• **WHAT NEEDS TO BE DONE**
Omit the pictures and copy the entries exactly.

• **EXTRACTED ENTRIES**
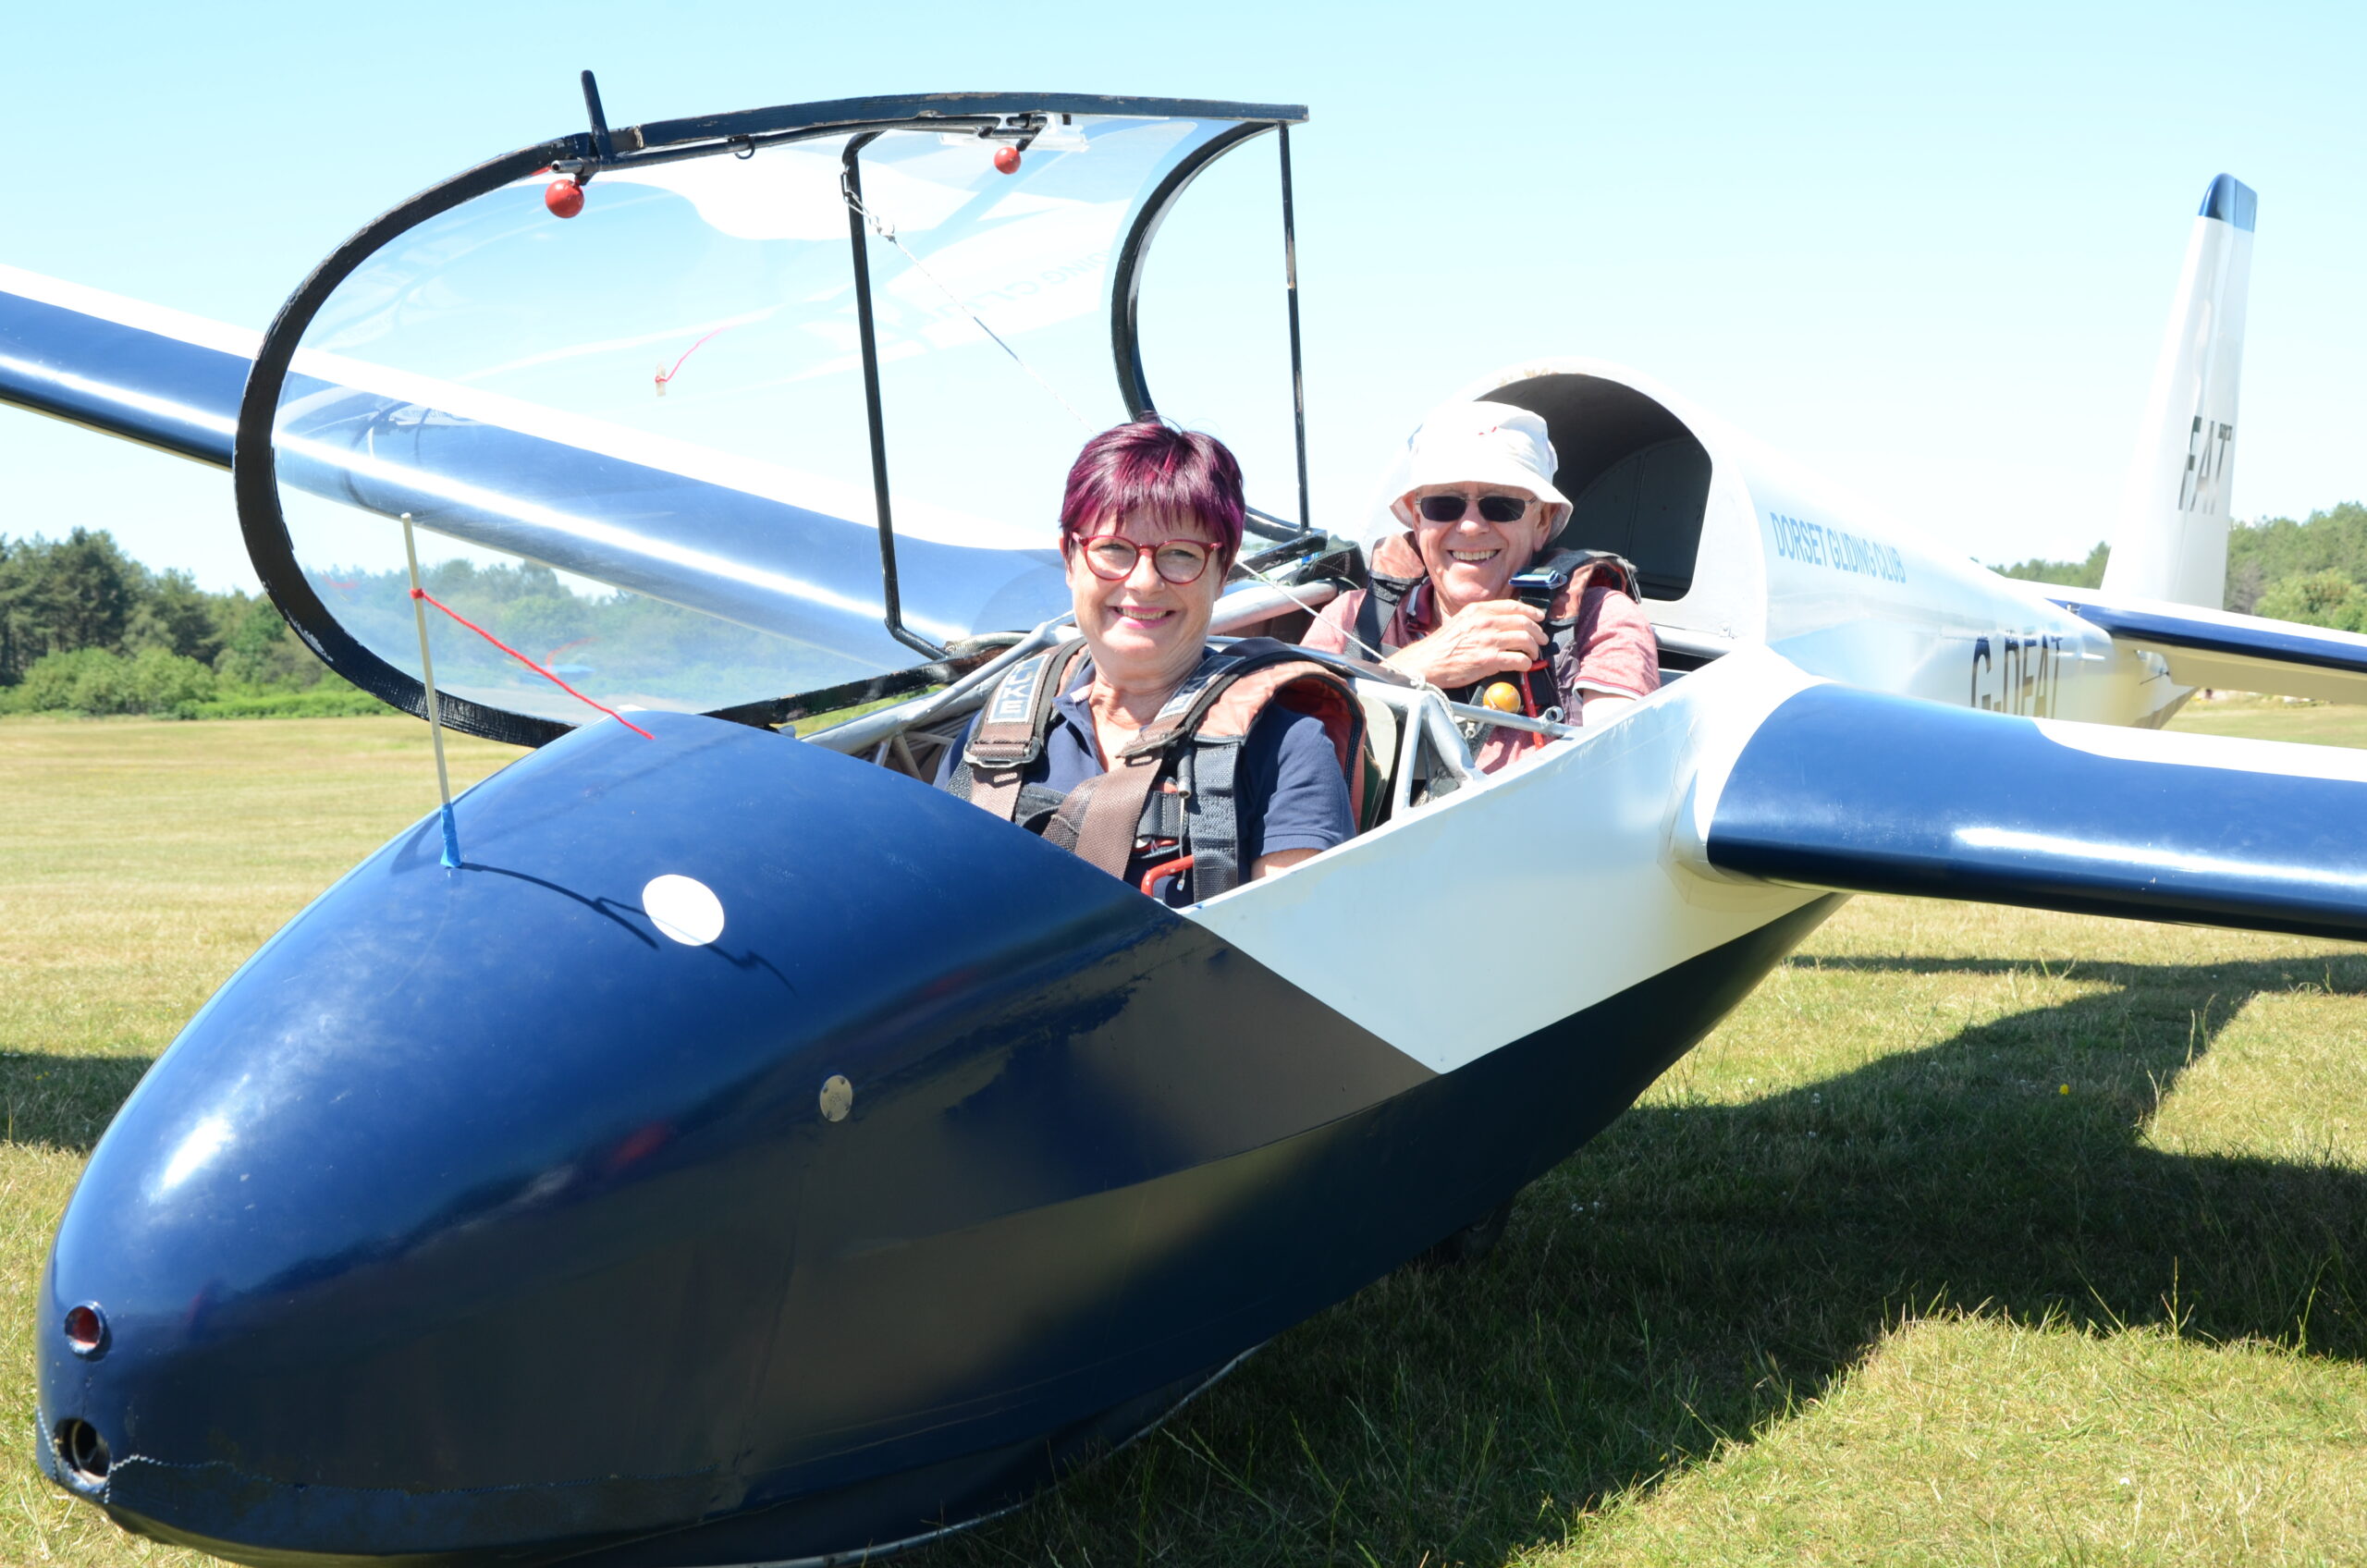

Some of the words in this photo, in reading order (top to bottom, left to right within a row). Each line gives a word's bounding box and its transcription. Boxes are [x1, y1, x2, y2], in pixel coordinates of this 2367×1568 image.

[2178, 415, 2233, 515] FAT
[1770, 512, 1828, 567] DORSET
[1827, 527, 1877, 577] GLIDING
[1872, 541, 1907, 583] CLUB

• **PROBLEM SOLUTION**
Some of the words in this photo, in reading order (top to bottom, left to right within a row). Each line gives a word's bounding box and its transcription. Boxes are [x1, y1, x2, y2], in pixel coordinates of this 2367×1568 image.

[2178, 415, 2233, 515] FAT
[1770, 512, 1828, 567] DORSET
[1827, 527, 1877, 577] GLIDING
[1872, 541, 1907, 583] CLUB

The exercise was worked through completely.